▶ **What to work on**: For this exercise, reproduce the records exactly as they stand and do not carry any images over.
-- Opening Marker --
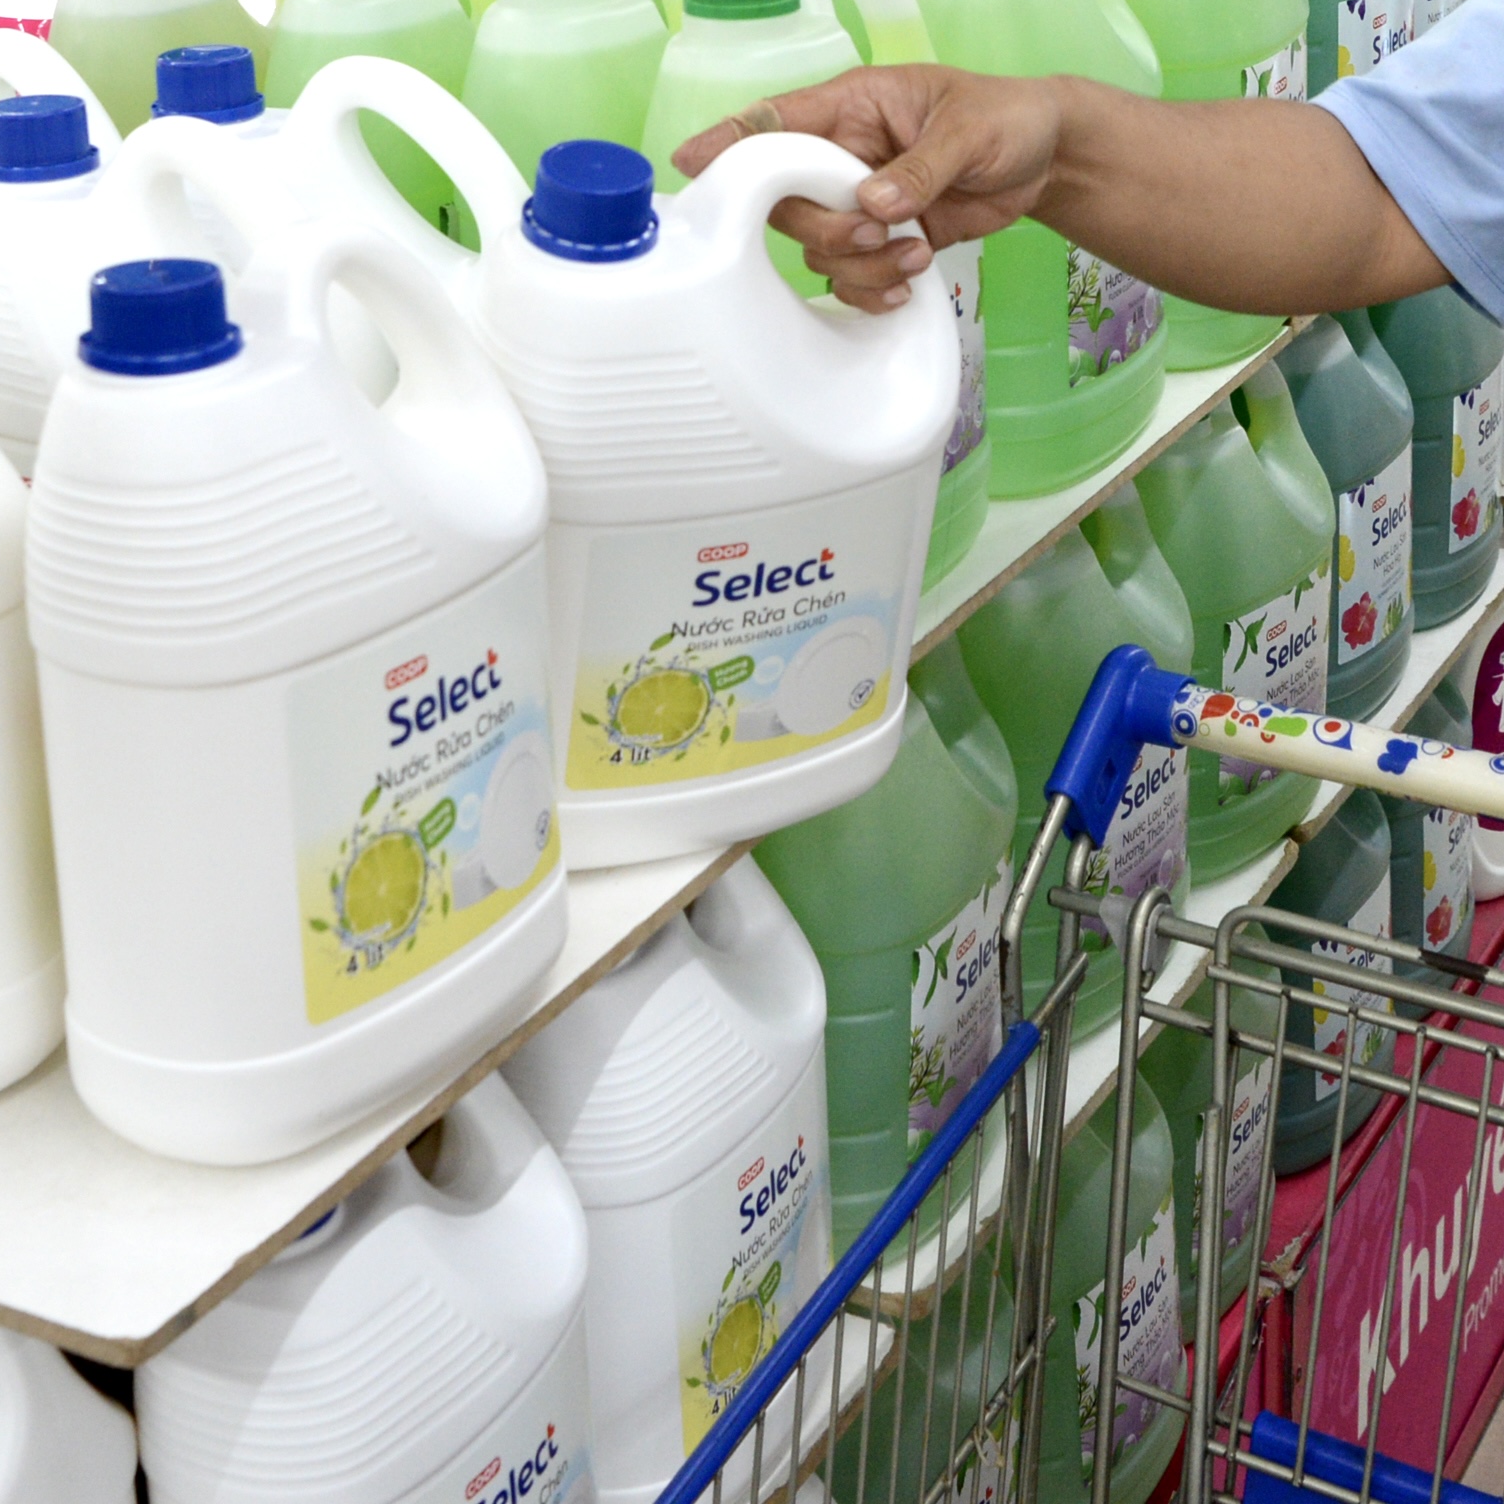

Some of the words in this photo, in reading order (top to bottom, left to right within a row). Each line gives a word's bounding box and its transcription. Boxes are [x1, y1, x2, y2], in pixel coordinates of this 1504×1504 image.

[699, 545, 747, 562] COOP
[692, 548, 835, 608] Select
[670, 618, 734, 640] Nước
[742, 606, 786, 629] Rửa
[794, 590, 846, 617] Chén
[687, 640, 718, 652] DISH
[723, 627, 784, 647] WASHING
[788, 613, 828, 633] LIQUID
[1267, 621, 1287, 641] COOP
[1266, 616, 1317, 677] Select
[386, 658, 428, 688] COOP
[388, 647, 502, 748] Select
[376, 753, 431, 793] Nước
[436, 728, 472, 764] Rửa
[476, 699, 515, 738] Chén
[610, 751, 622, 764] 4
[631, 746, 652, 764] lít
[1147, 807, 1162, 828] Lau
[1114, 841, 1146, 871] Hương
[1147, 820, 1165, 843] Thảo
[346, 954, 358, 975] 4
[739, 1157, 764, 1191] COOP
[740, 1135, 806, 1235] Select
[732, 1232, 767, 1270] Nước
[769, 1205, 790, 1237] Rửa
[791, 1169, 813, 1208] Chén
[711, 1399, 720, 1416] 4
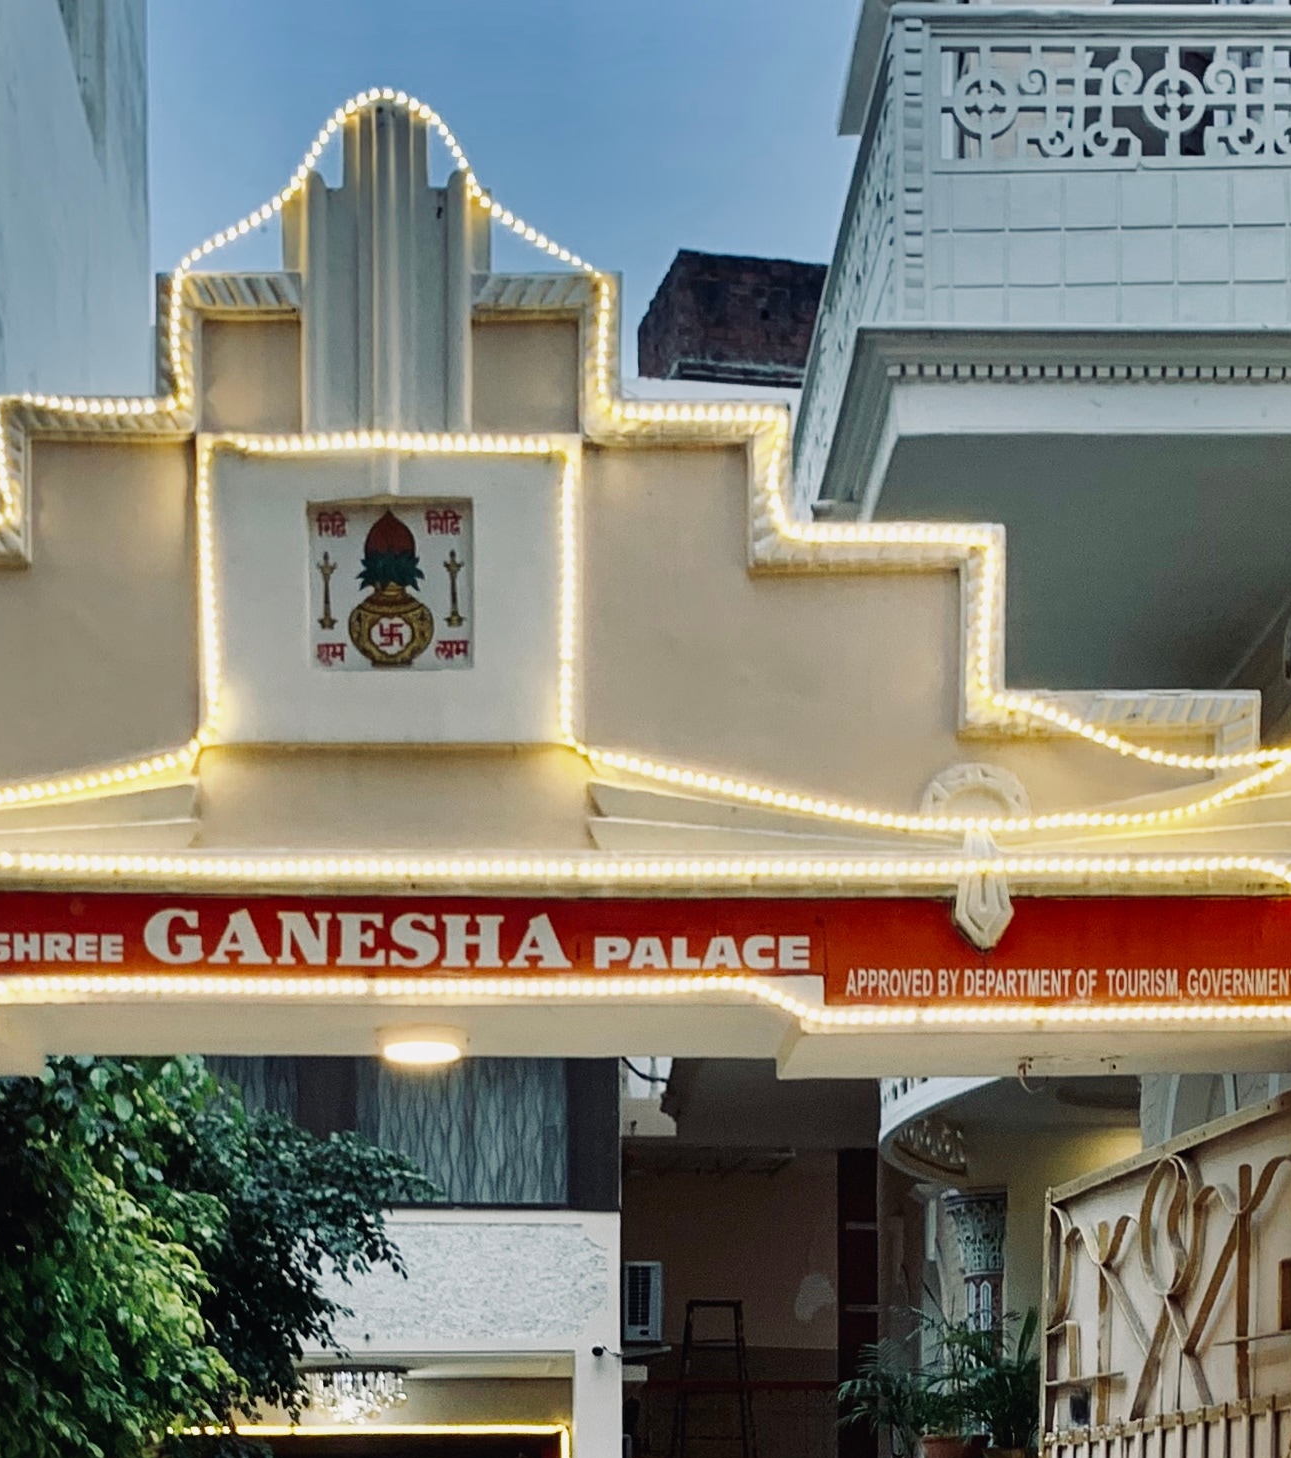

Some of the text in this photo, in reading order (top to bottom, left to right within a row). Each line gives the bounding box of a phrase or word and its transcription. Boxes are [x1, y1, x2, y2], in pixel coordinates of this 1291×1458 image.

[144, 910, 571, 968] GANESHA
[595, 936, 809, 969] PALACE
[846, 970, 933, 997] APPROVED
[938, 970, 958, 996] BY
[964, 970, 1071, 996] DEPARTMENT
[1076, 970, 1097, 998] OF
[1106, 970, 1182, 1000] TOURISM,
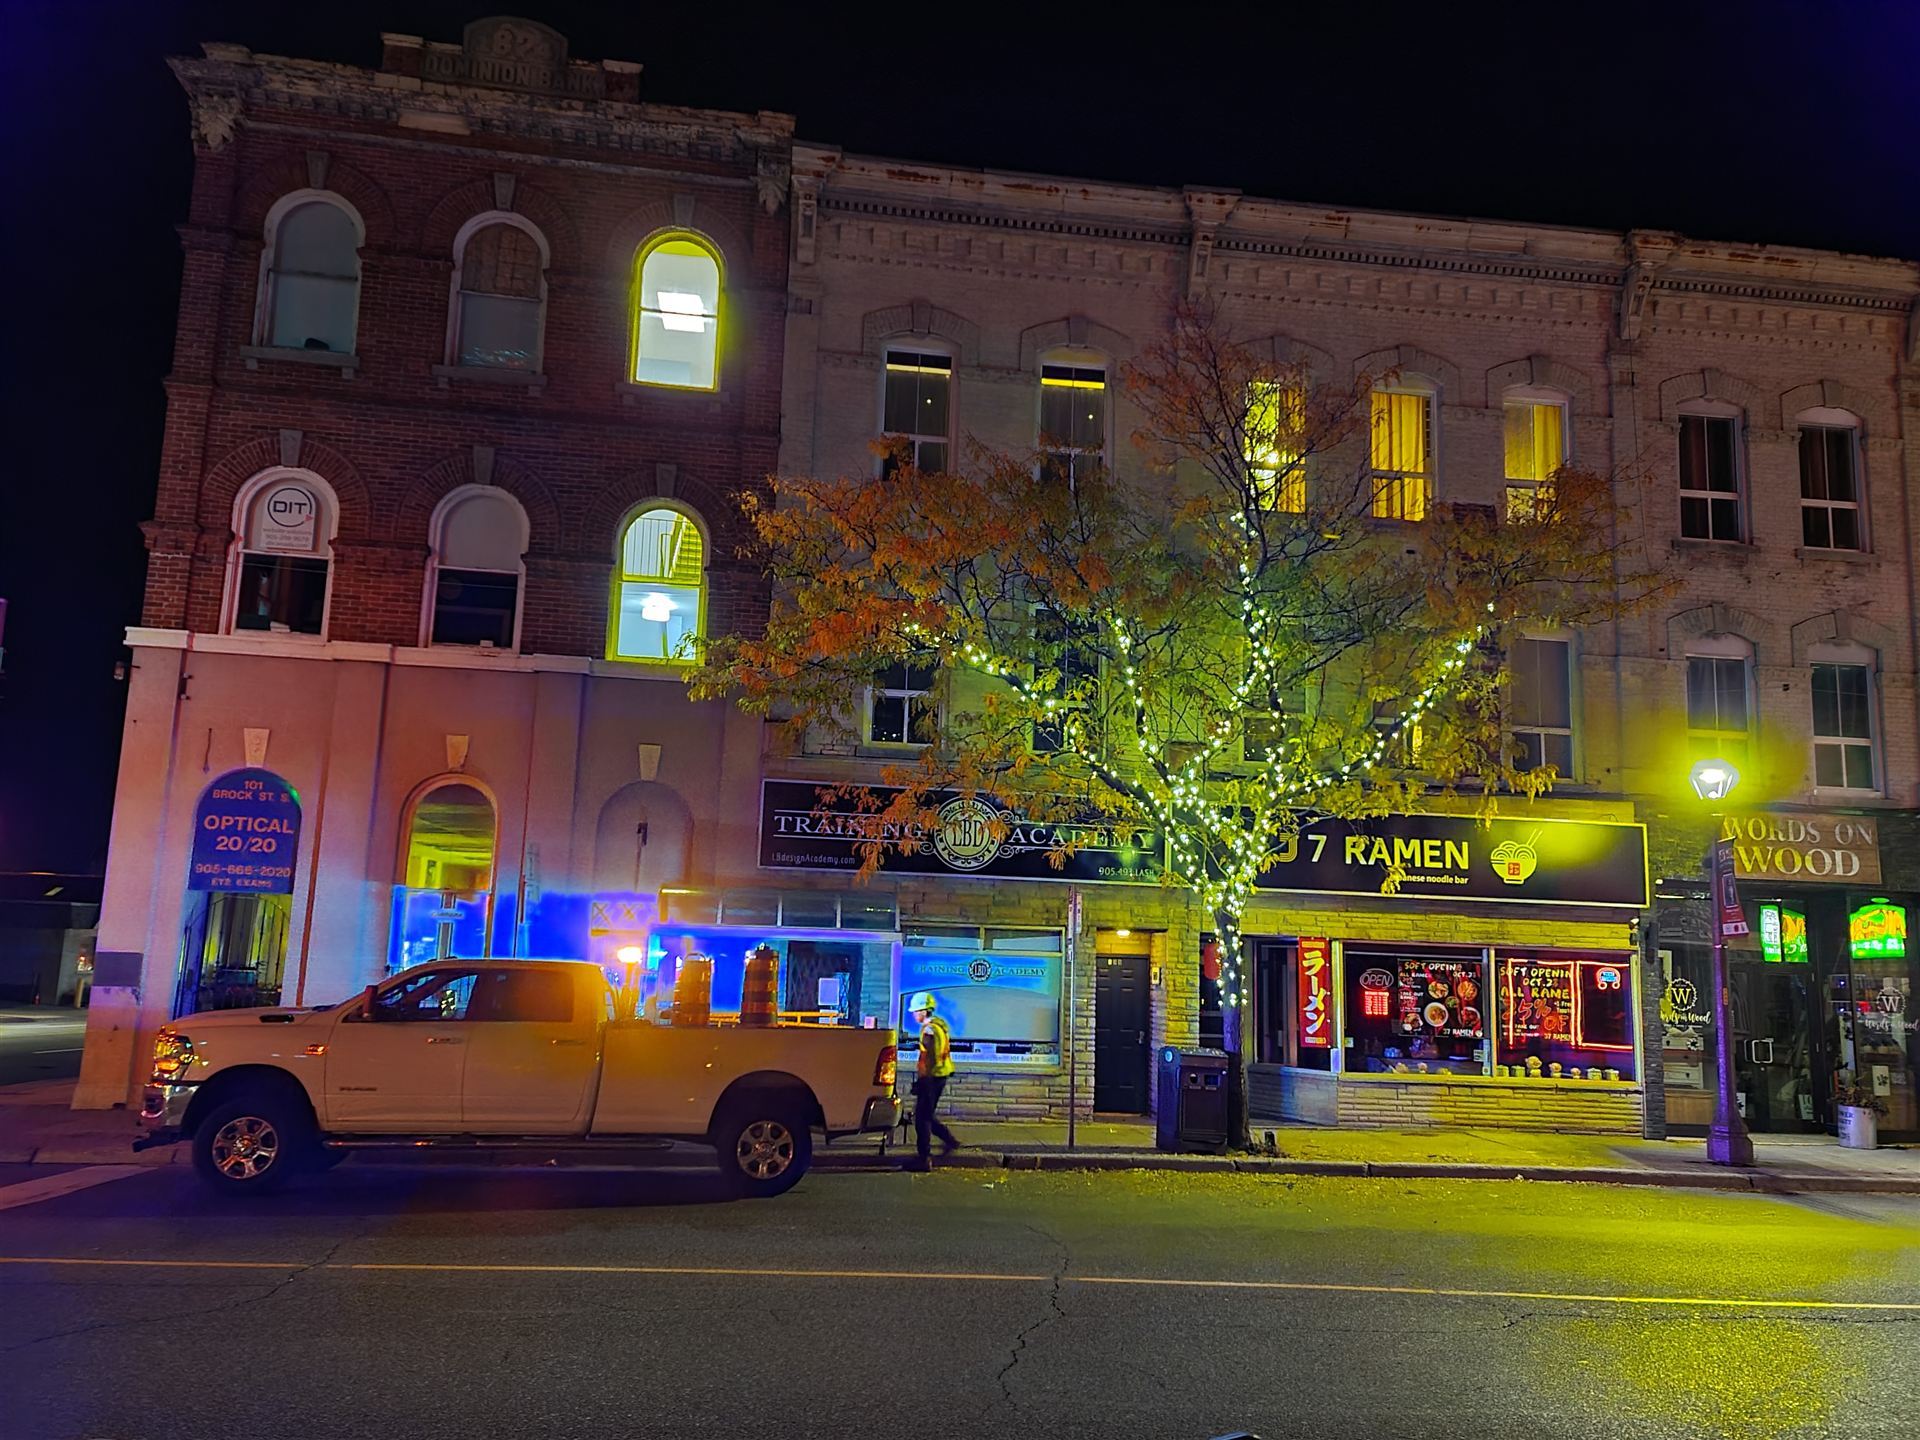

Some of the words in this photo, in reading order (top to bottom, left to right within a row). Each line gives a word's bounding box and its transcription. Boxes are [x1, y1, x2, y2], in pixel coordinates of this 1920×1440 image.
-- Closing Marker --
▶ **Response below**:
Some of the words in this photo, in reading order (top to bottom, left to right within a row). Each line gives a word's bounding box and its transcription. Boxes are [x1, y1, x2, y2], in pixel coordinates of this 1504×1504 image.

[699, 545, 747, 562] COOP
[692, 548, 835, 608] Select
[670, 618, 734, 640] Nước
[742, 606, 786, 629] Rửa
[794, 590, 846, 617] Chén
[687, 640, 718, 652] DISH
[723, 627, 784, 647] WASHING
[788, 613, 828, 633] LIQUID
[1267, 621, 1287, 641] COOP
[1266, 616, 1317, 677] Select
[386, 658, 428, 688] COOP
[388, 647, 502, 748] Select
[376, 753, 431, 793] Nước
[436, 728, 472, 764] Rửa
[476, 699, 515, 738] Chén
[610, 751, 622, 764] 4
[631, 746, 652, 764] lít
[1147, 807, 1162, 828] Lau
[1114, 841, 1146, 871] Hương
[1147, 820, 1165, 843] Thảo
[346, 954, 358, 975] 4
[739, 1157, 764, 1191] COOP
[740, 1135, 806, 1235] Select
[732, 1232, 767, 1270] Nước
[769, 1205, 790, 1237] Rửa
[791, 1169, 813, 1208] Chén
[711, 1399, 720, 1416] 4

Some of the text in this photo, in reading order (top to bottom, left to right within a row). Each line gives the bounding box of a phrase or word and its transcription. Boxes are [x1, y1, x2, y2], in pixel coordinates of this 1291×1458 image.

[144, 910, 571, 968] GANESHA
[595, 936, 809, 969] PALACE
[846, 970, 933, 997] APPROVED
[938, 970, 958, 996] BY
[964, 970, 1071, 996] DEPARTMENT
[1076, 970, 1097, 998] OF
[1106, 970, 1182, 1000] TOURISM,

Some of the words in this photo, in reading order (top to bottom, left to right within a row). Each line gives a word's bounding box and its transcription. Boxes are [x1, y1, x2, y2], in pixel coordinates of this 1920×1440 image.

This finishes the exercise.